He had bilateral post-axial polydactyly1 (figure 1). He never experienced any respiratory difficulty and there was no history of apnoeic episodes.
The central nervous system examination was remarkable for generalised hypotonia and gross developmental delay. The child was not able to pull to sit or stand. On attempted sitting he showed truncal ataxia and on approaching an object showed premature grasp and tremulousness. There was no nystagmus. He had started speaking non-specific ‘ma’ and ‘pa’.
Ocular fundi were normal.
Sonography of the abdomen did not show any renal cyst.
MRI of the brain showed features commonly associated with Joubert syndrome and Joubert syndrome related disorders2 (figure 2), for example:
▶ dilatation of the fourth ventricle with bat-wing shaped appearance
▶ elongation and stretching of the superior cerebellar peduncles—the molar tooth appearance
▶ absence of the cerebellar vermis.
The distinctive radiological feature of Joubert syndrome in MRI is molar tooth sign, which has been reported in about 85% patients. This results from dysplastic and thick superior cerebellar peduncles, and deep and wide interpeduncular cisterns. The bat-wing appearance emanates from the dilated fourth ventricle and an anteriorly convex floor. The other sign described, is a buttock sign, because the hypoplasia of vermis causes the cerebellar hemisphere to come closer.

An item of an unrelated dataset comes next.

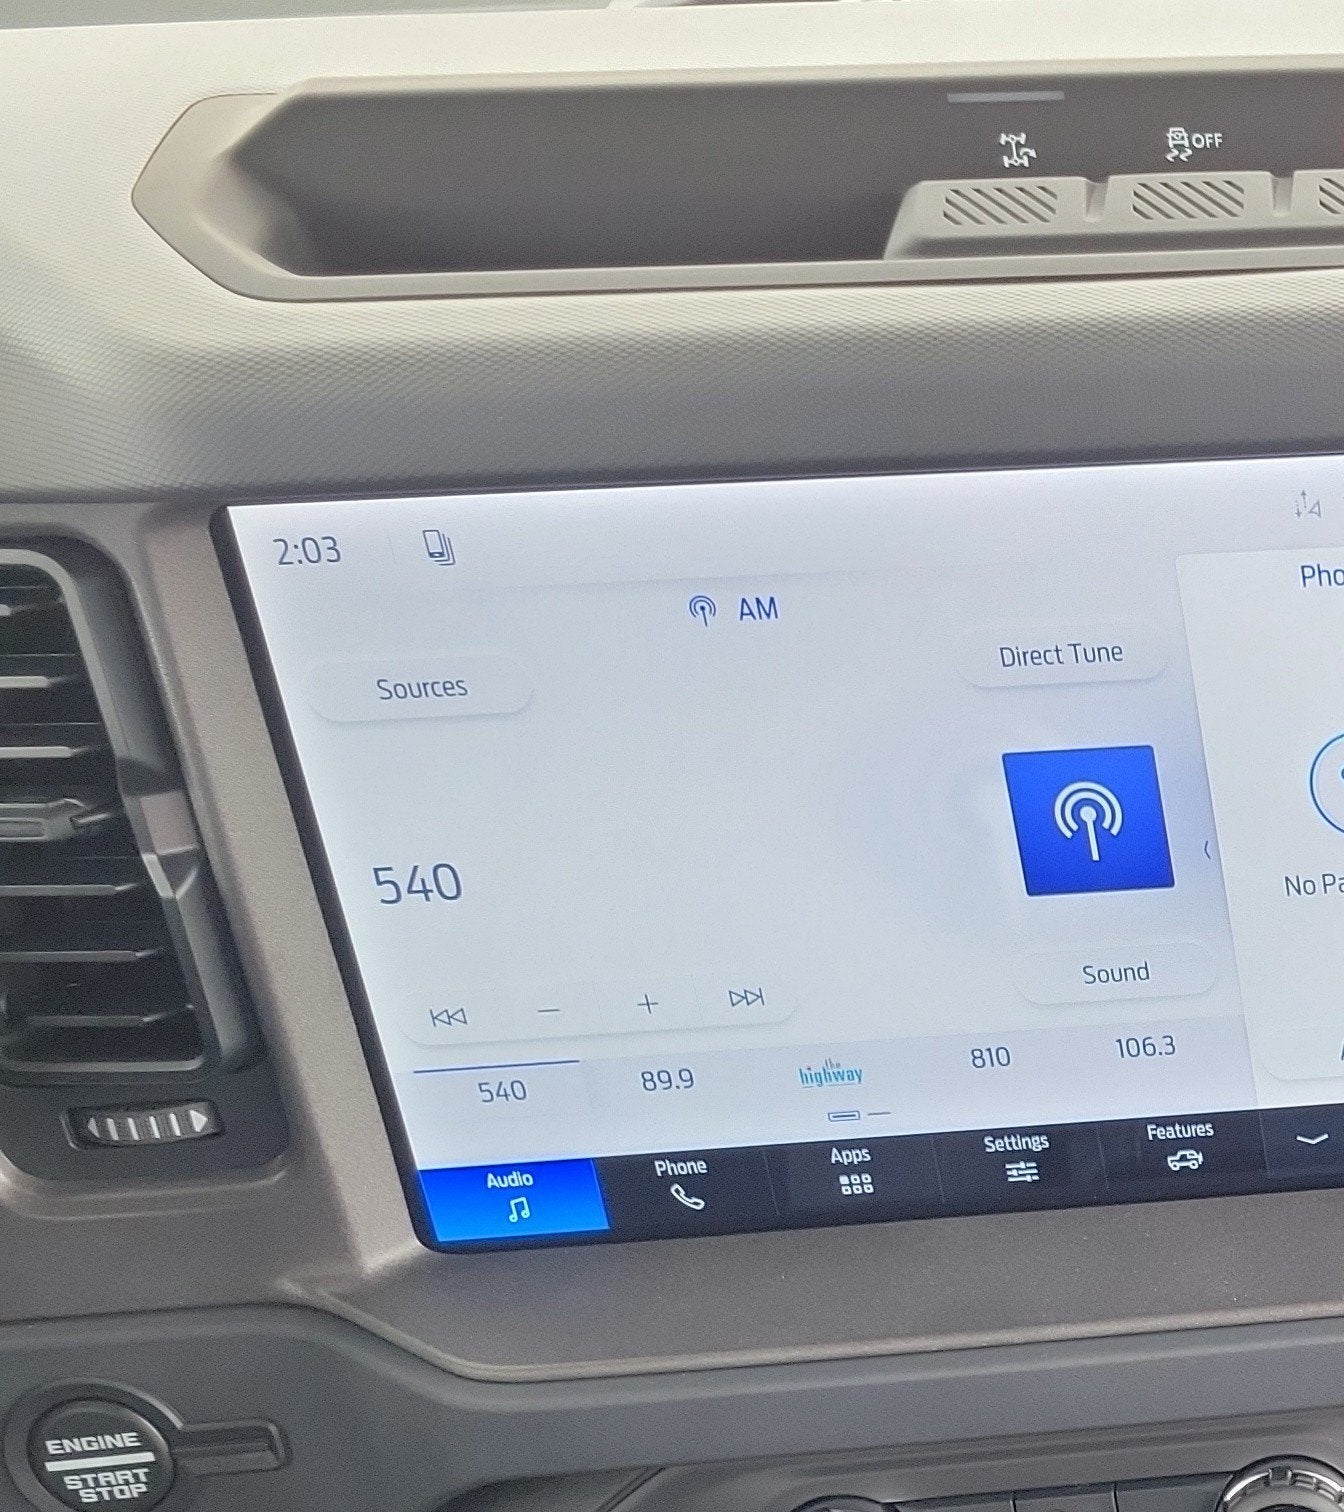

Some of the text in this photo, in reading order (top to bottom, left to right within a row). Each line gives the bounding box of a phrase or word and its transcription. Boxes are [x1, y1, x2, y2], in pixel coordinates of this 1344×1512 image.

Hypoplasia of corpus callosum is also described.3
Moreover, other syndromes with posterior-fossa malformations, including Dekaban-Arima, Senior-Löken and cerebellar vermis hypoplasia/aplasia, oligophrenia, ataxia, coloboma and hepatic fibrosis, frequently lead to diagnostic dilemmas. However, the presence of the same clinical and neuroradiological features is shared by at least eight distincts conditions under the term Joubert syndrome related disorders (JSRD). Presence of ataxia and findings on neuro-imaging should lead to suspicion of Joubert syndrome and related disorders, which can be confirmed and typified by genetic testing—this was refused by the family.

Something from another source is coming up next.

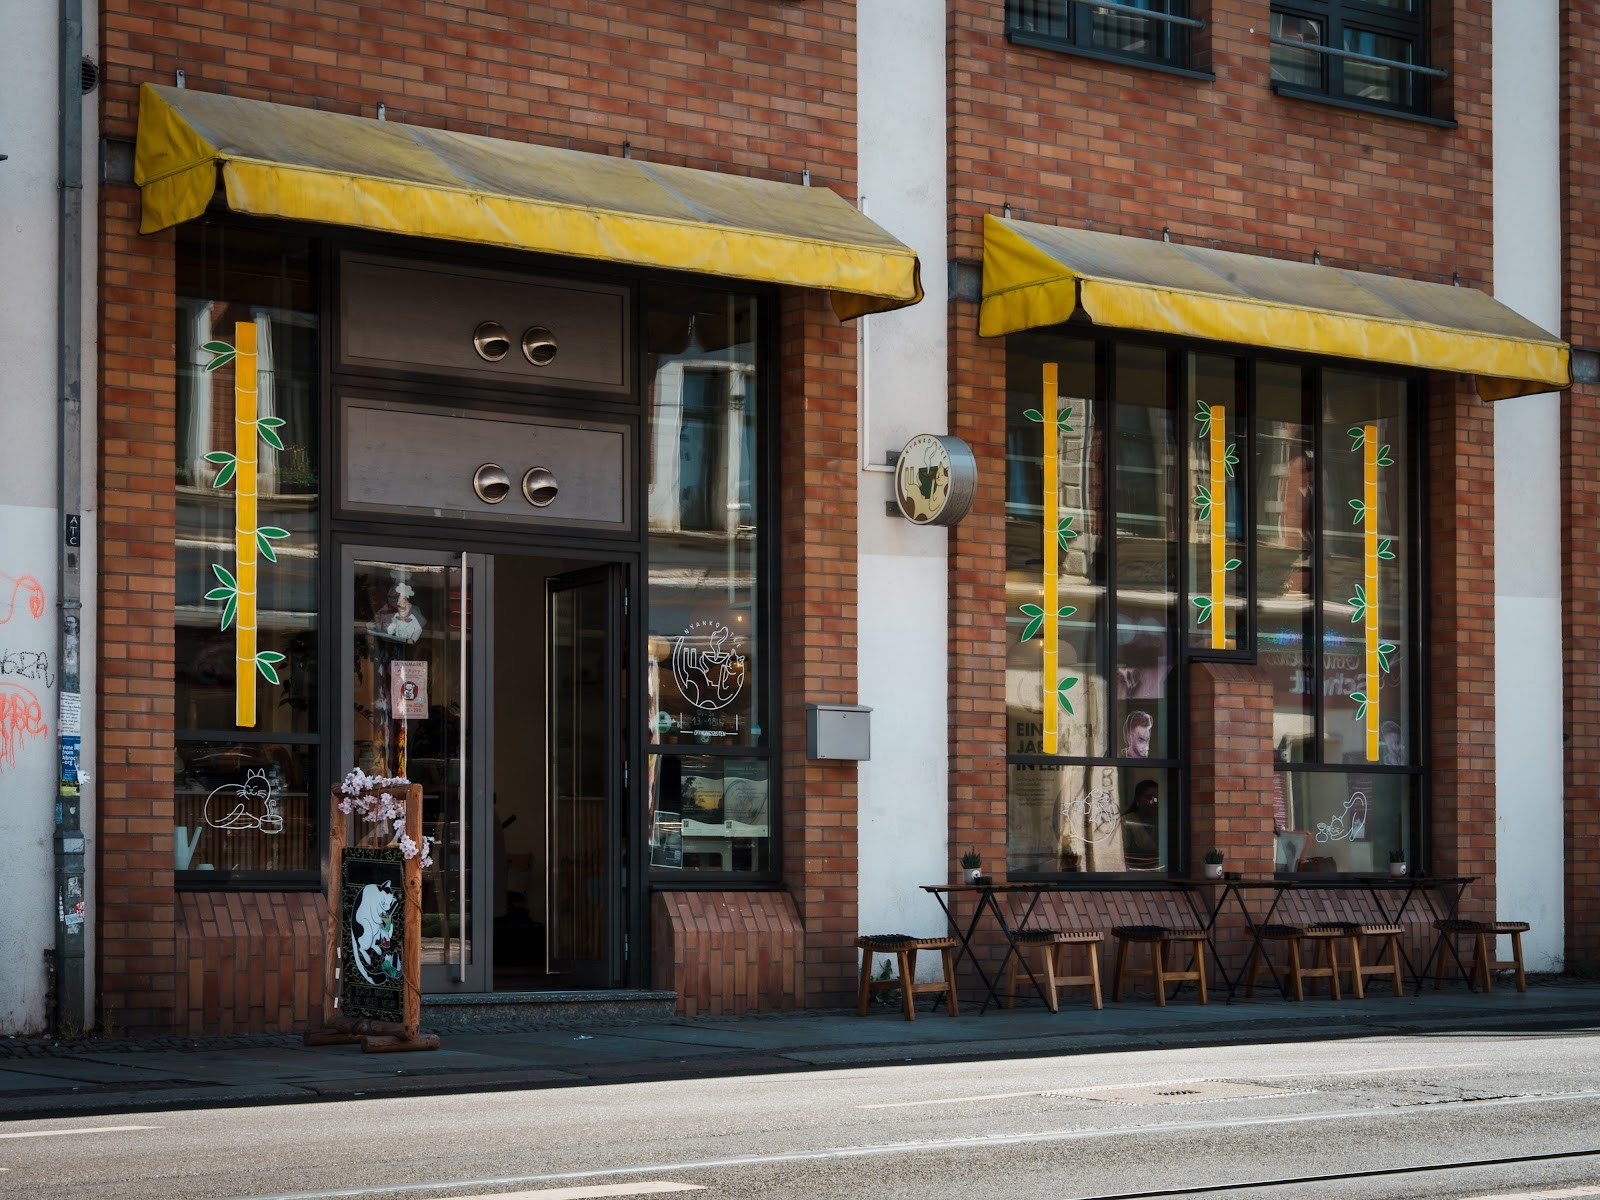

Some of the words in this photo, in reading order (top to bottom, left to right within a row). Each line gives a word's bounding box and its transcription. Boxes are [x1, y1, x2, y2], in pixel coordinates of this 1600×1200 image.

[905, 438, 931, 454] NYANKO
[938, 445, 947, 460] TEE
[69, 515, 77, 545] ATC
[683, 620, 720, 635] NYANKO

The association of primary criteria of Joubert syndrome and polydactyly may be suggestive of JSRD such as oro-facial-digital VI syndrome (Varadi-Papp syndrome). This refers to one type of oro-facial disorder. This child also showed extra strands of tissue below the tongue—the oral frenulae (figure 3). However, this case did not show other orofacial features like cleft palate, or abnormalities of tongue, teeth and other facial dysmorphism.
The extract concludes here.